Funny enough, the new TLDR Act proposal is actually named TLDR for “Terms-of-service Labeling, Design and Readability” but the mission is indeed for tech companies to provide a TL;DR section for terms of service and end-user license agreements.
Reported by The Hill, the act was proposed in both the House and Senate with the latter version being submitted by Sens. Bill Cassidy (R-La.) and Ben Ray Luján (D-N.M.). The act is expected to gain bipartisan support as it looks to protect consumers.
Congresswoman Lori Trahan – who sponsored the House version – shared a fascinating statistic in a press release today. It would take the average American 76 work days to read all of the ToS for products used – and that was based on a study from 10 years ago.
A 2012 study found that it would take 76 work days for the average American to read the agreements for technology companies they use. Yet, because of the complicated language and length of many terms of service documents, an overwhelming majorityof users “Agree” without reading any portion of the contract.
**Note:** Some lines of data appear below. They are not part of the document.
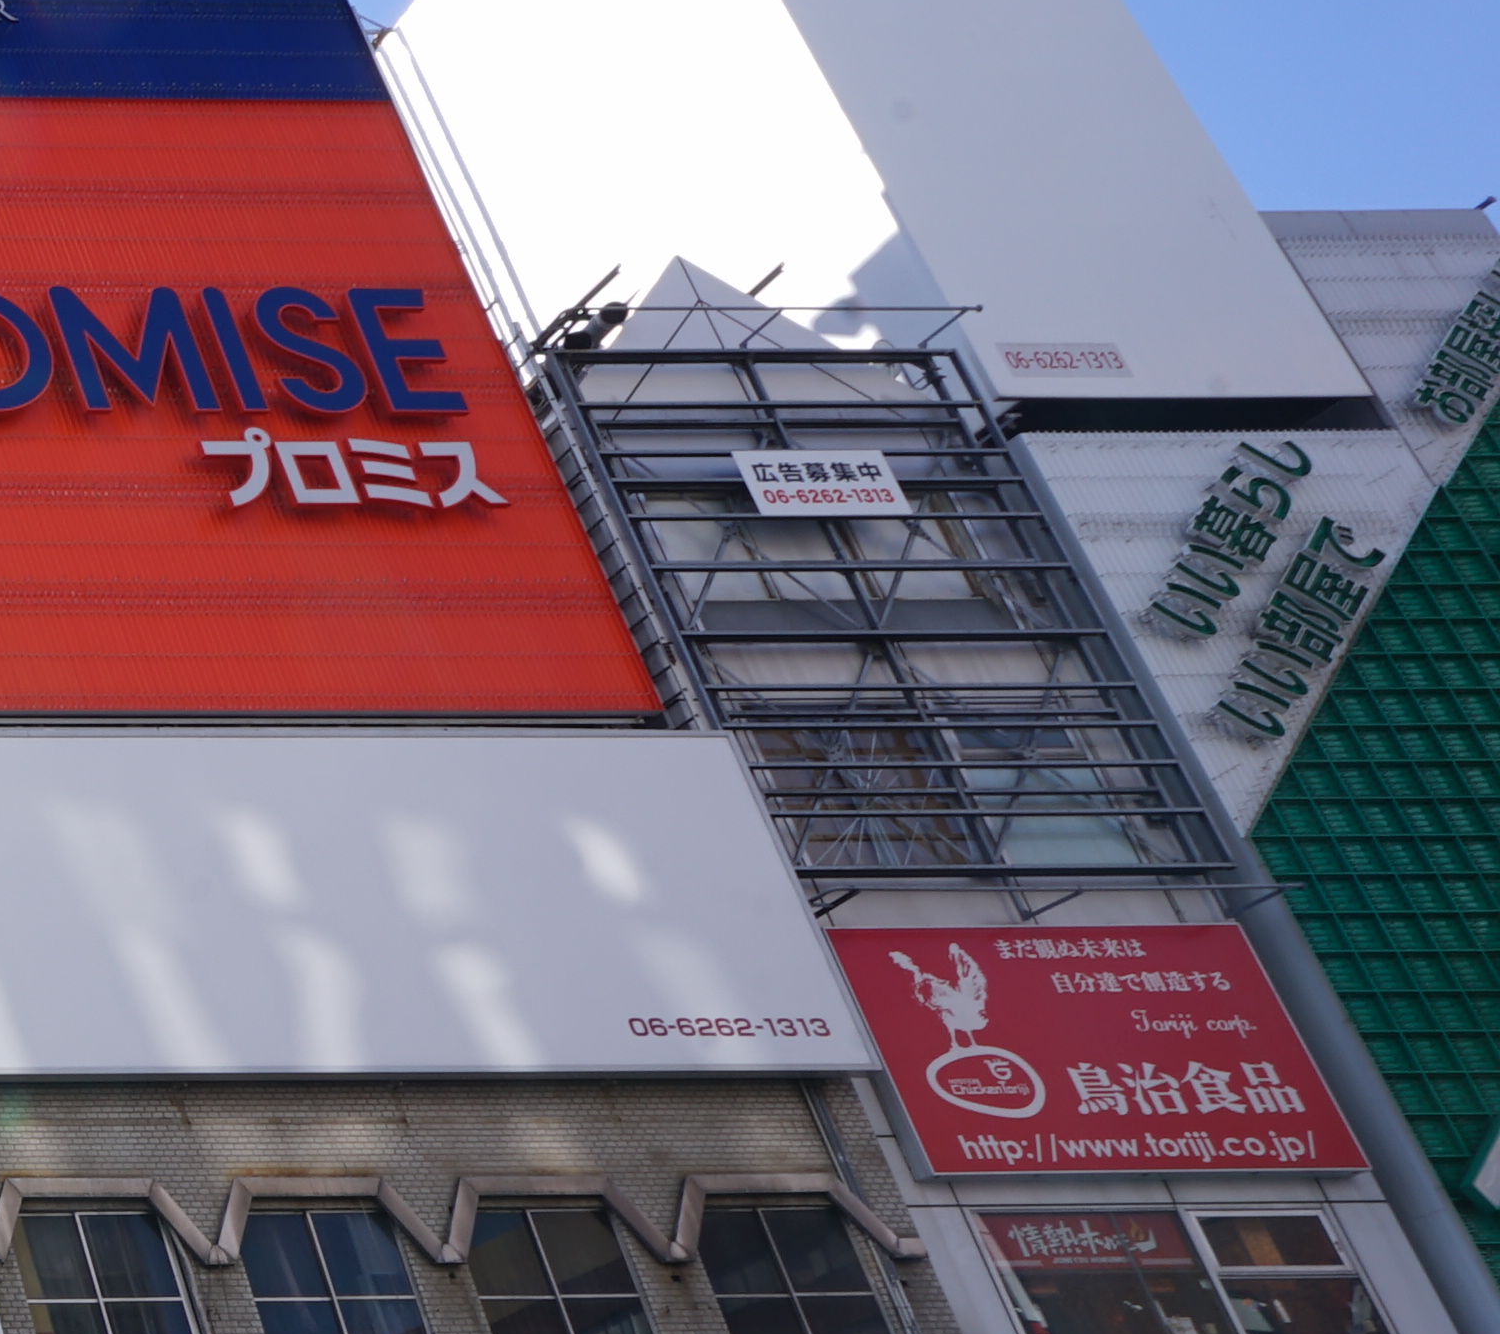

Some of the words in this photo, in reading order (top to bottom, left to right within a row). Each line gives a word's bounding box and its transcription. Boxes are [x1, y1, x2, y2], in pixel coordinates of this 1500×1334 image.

[1006, 347, 1125, 372] 06-6262-1313
[201, 426, 510, 509] プロミス
[752, 461, 883, 485] 広告募集中
[763, 487, 896, 507] 06-6262-1313
[1150, 440, 1313, 636] いい暮らし
[1216, 515, 1387, 738] いい部屋で
[627, 1017, 831, 1039] 06-6262-1313
[1067, 1061, 1306, 1116] 鳥治食品
[957, 1130, 1317, 1166] http://www.toriji.co.jp/
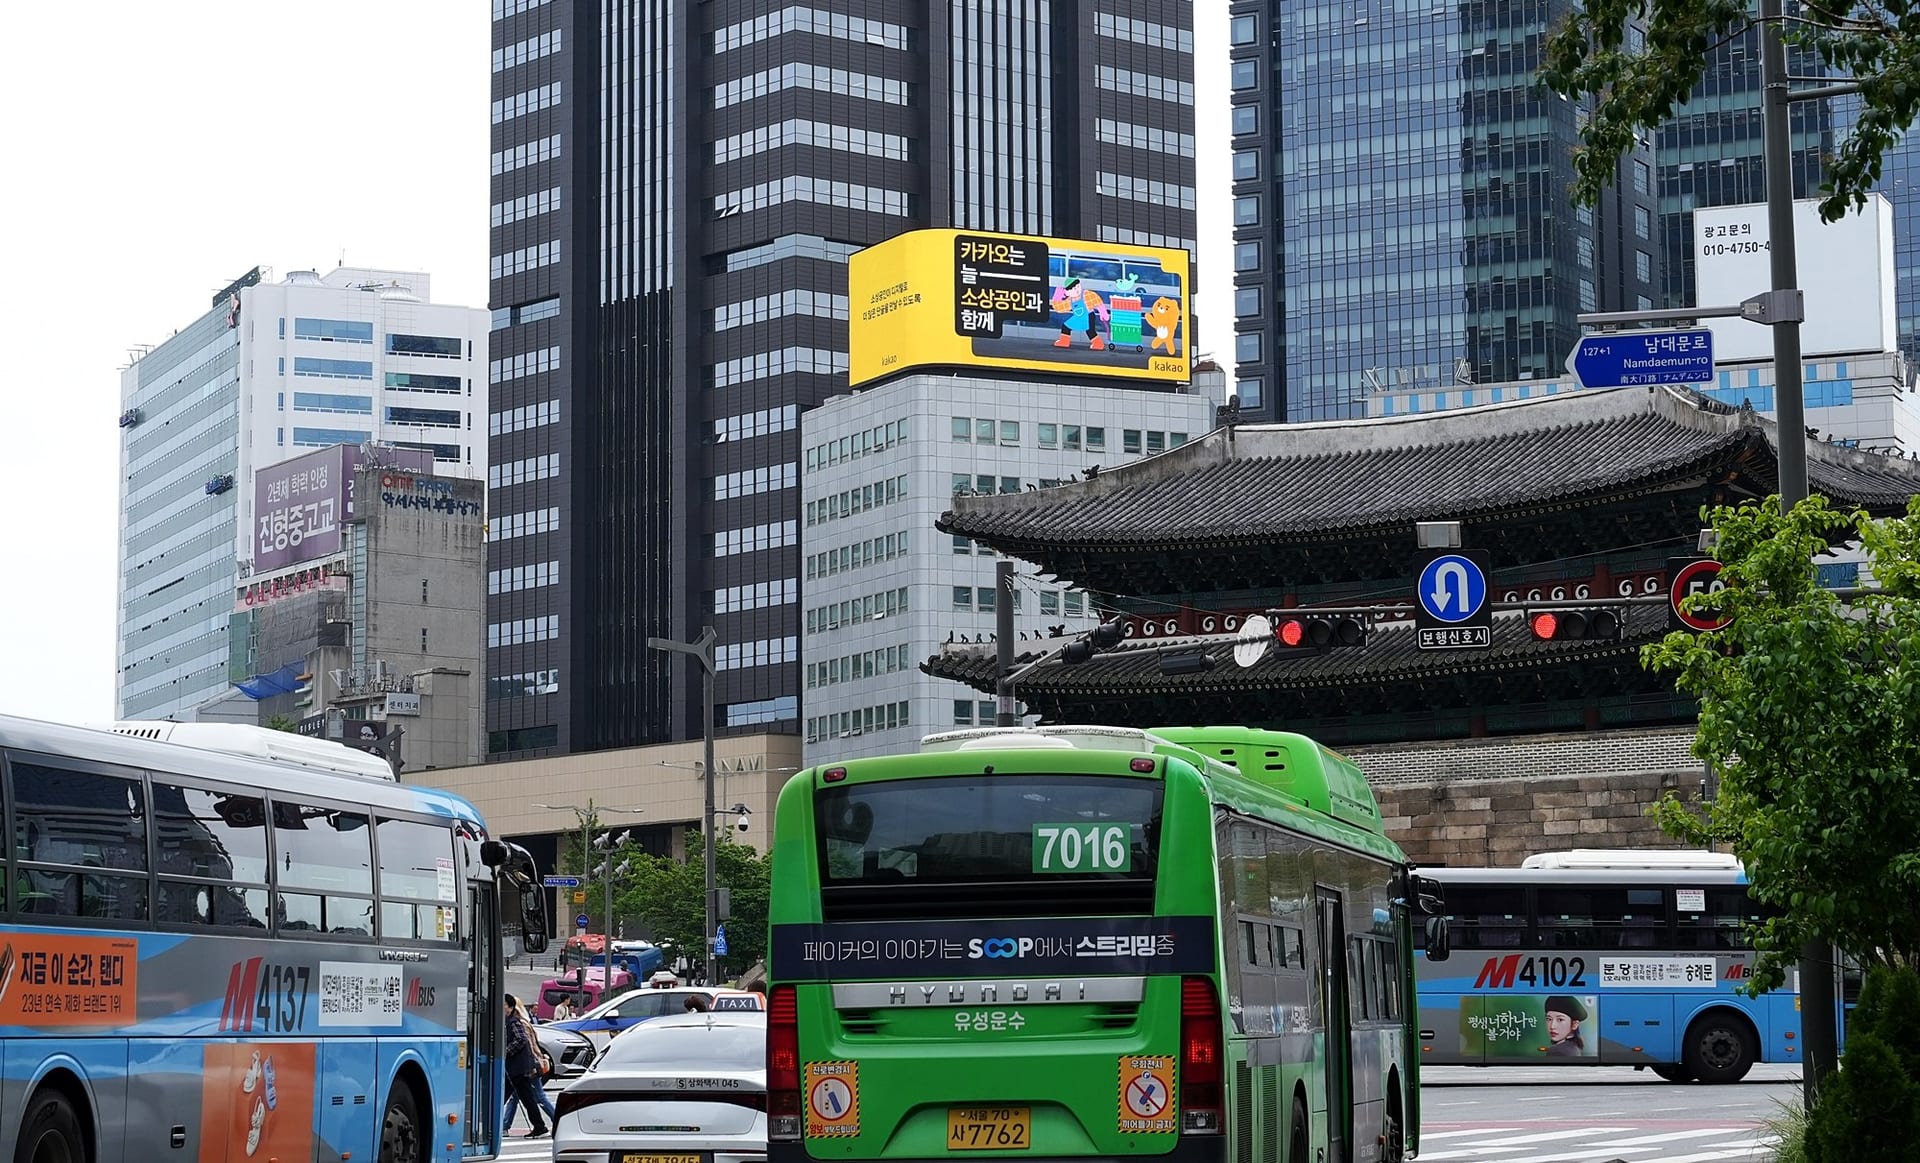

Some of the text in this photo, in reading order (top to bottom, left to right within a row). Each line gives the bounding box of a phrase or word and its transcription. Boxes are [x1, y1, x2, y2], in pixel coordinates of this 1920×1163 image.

[1704, 223, 1751, 239] 광고문의
[960, 241, 1026, 266] 카카오는
[960, 263, 978, 285] 늘
[960, 287, 1043, 313] 소상공인과
[960, 308, 994, 332] 함께
[1645, 335, 1708, 354] 남대문로
[1154, 361, 1183, 373] kakao
[1623, 356, 1709, 369] Namdaemun-ro
[267, 477, 290, 503] 2년제
[292, 470, 308, 497] 학력
[310, 464, 328, 491] 인정
[381, 492, 431, 512] 악세사리
[259, 497, 336, 554] 진형중고교
[1422, 629, 1487, 645] 보행신호시
[1038, 826, 1125, 869] 7016
[803, 940, 880, 962] 페이커의
[885, 939, 964, 961] 이야기는
[1075, 934, 1176, 958] 스트리밍중
[20, 952, 124, 988] 지금 이 순간, 탠디
[1473, 953, 1586, 988] M4102
[1685, 964, 1713, 982] 숭례문
[22, 993, 43, 1013] 23년
[45, 993, 62, 1013] 연속
[64, 994, 81, 1014] 제화
[83, 994, 108, 1013] 브랜드
[218, 955, 311, 1033] M4137
[721, 999, 753, 1008] TAXI
[889, 982, 1086, 1005] HYUNDAI
[954, 1011, 1025, 1031] 유성운수
[1131, 1060, 1163, 1069] 우회전시
[721, 1079, 739, 1088] 045
[991, 1109, 1010, 1121] 70
[968, 1123, 1024, 1145] 7762
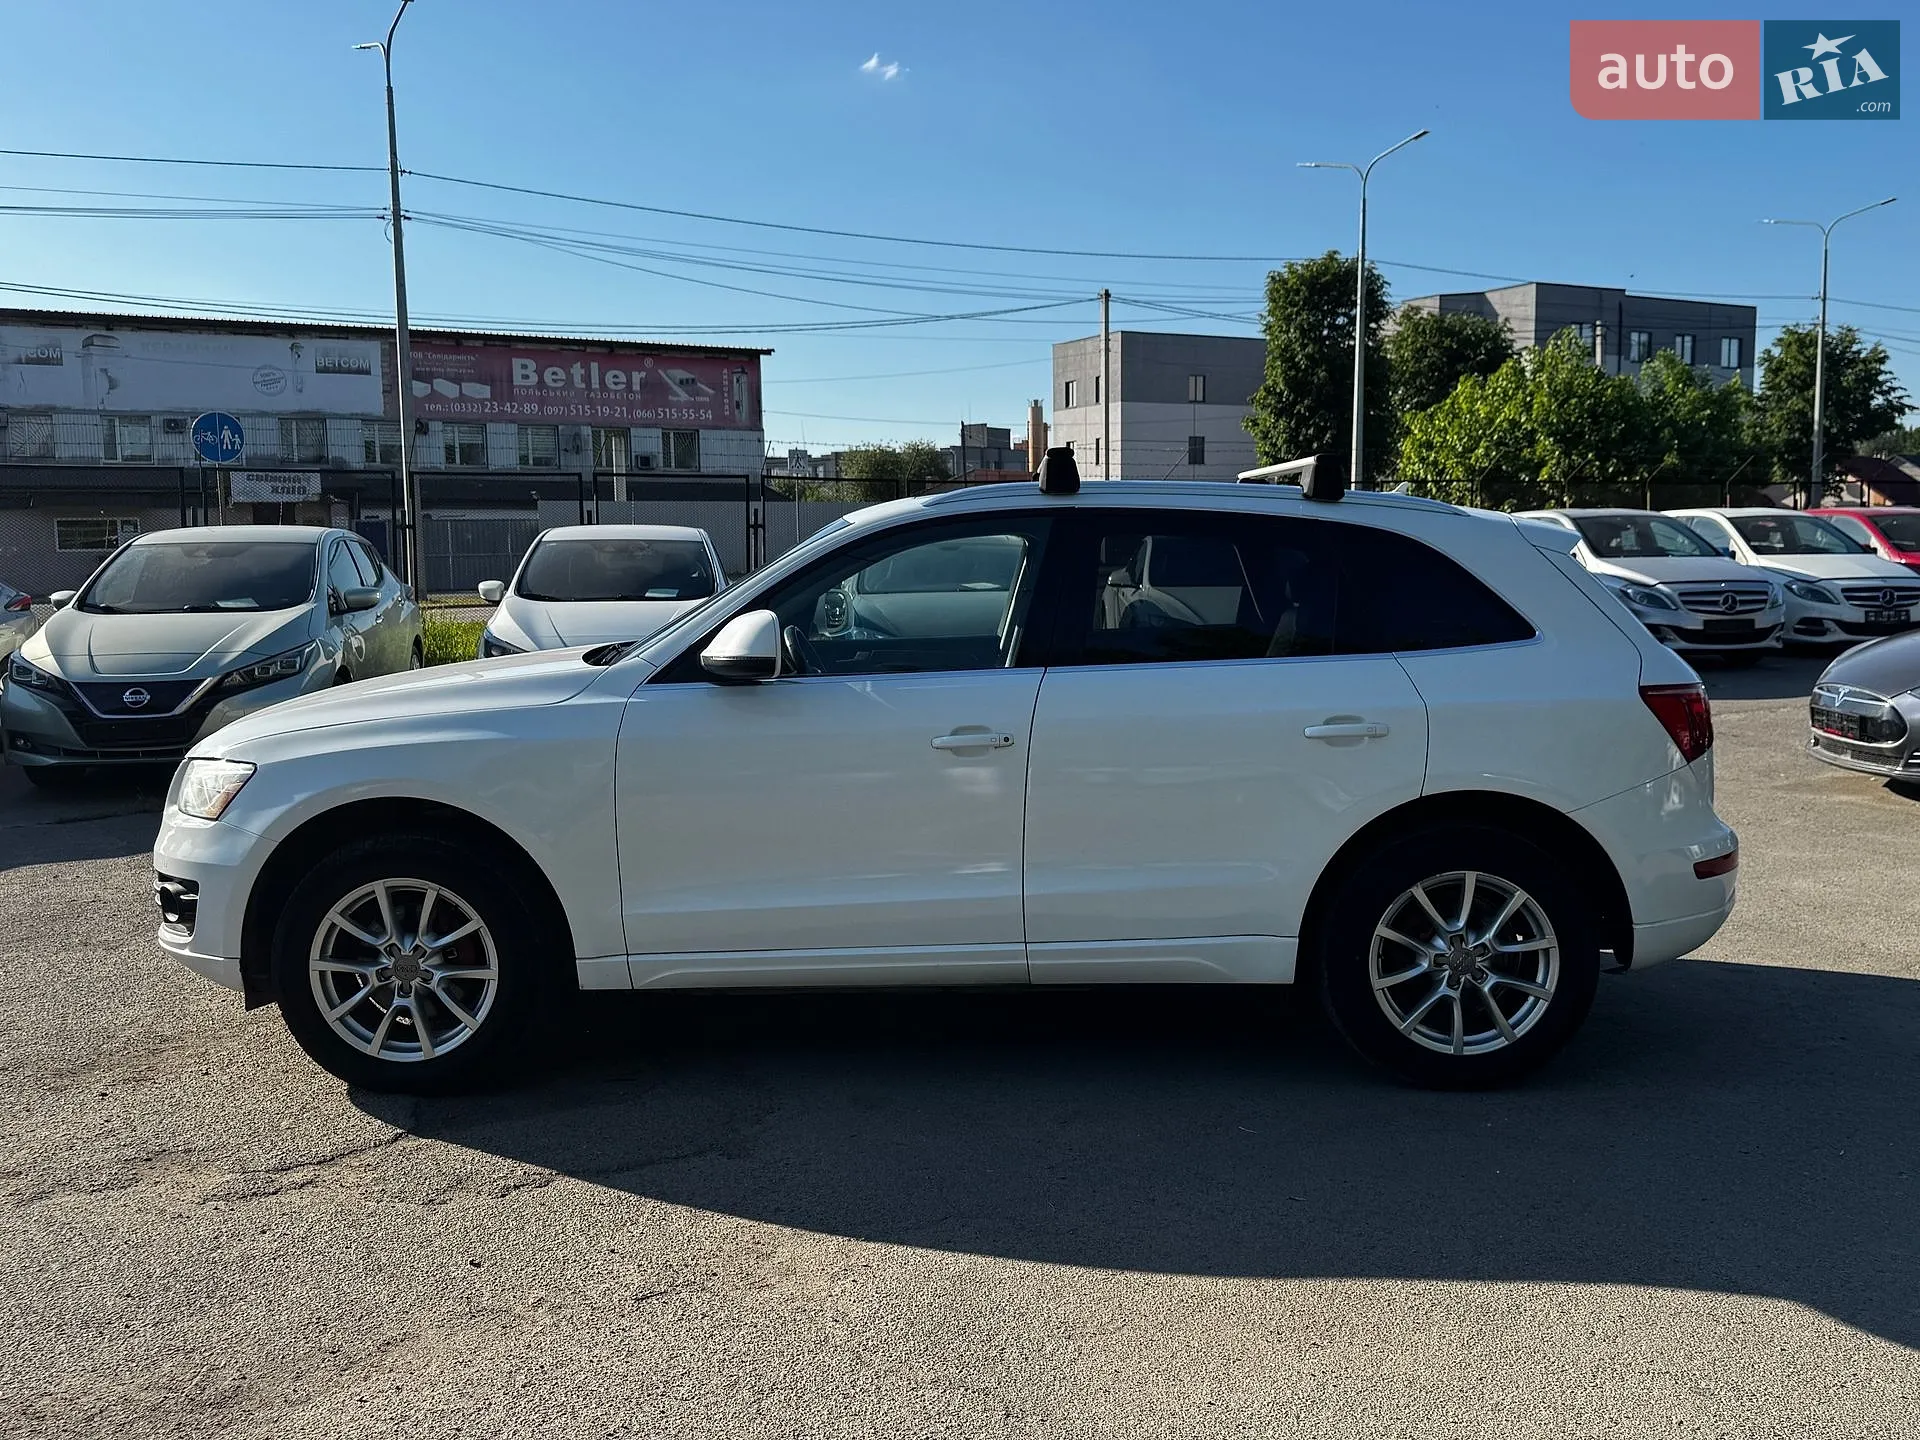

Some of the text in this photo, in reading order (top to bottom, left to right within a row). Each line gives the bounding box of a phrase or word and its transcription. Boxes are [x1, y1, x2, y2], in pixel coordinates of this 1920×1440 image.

[316, 357, 370, 369] BETCOM
[450, 402, 482, 413] (0332)
[657, 407, 712, 420] 515-55-54
Trahan explained more on the TLDR Act:
“For far too long, blanket terms of service agreements have forced consumers to either ‘agree’ to all of a company’s conditions or lose access to a website or app entirely. No negotiation, no alternative, and no real choice,” said Congresswoman Trahan, a member of the House Subcommittee on Consumer Protection and Commerce. “To further slant the decision in their favor, many companies design unnecessarily long and complicated contracts, knowing that users don’t have the bandwidth to read lengthy legal documents when they’re simply trying to message a loved one or make a quick purchase. The potential for abuse is obvious, and some bad actors have chosen to exploit these agreements to expand their control over users’ personal data and shield themselves from liability. This is a problem that transcends political parties, and it demands solutions like the TLDR Act that do the same by requiring transparency and returning power to consumers.”
Meanwhile, Sen. Cassidy called the act “long overdue”:
“Users should not have to comb through pages of legal jargon in a website’s terms of services to know how their data will be used,” Cassidy said. “Requiring companies to provide an easy-to-understand summary of their terms should be mandatory and is long overdue.”
You can find the full TLDR Act proposal here.
There’s a little bit of irony here as Apple made the move in 2020 to require iOS app developers to provide easy-to-understand app privacy “Nutrition labels” that includes the data they collect, share, and more.
Apple came under some fire about that when it wasn’t clear if it would be holding itself to the same standard for preinstalled iOS apps.
It did end up publishing privacy labels for all of its first-party apps, including a dedicated website for all of them a few months later.
Now the TLDR Act has the potential to make Apple do what it has done for iOS apps to its long ToS/EULAs for iOS, macOS, iCloud, etc.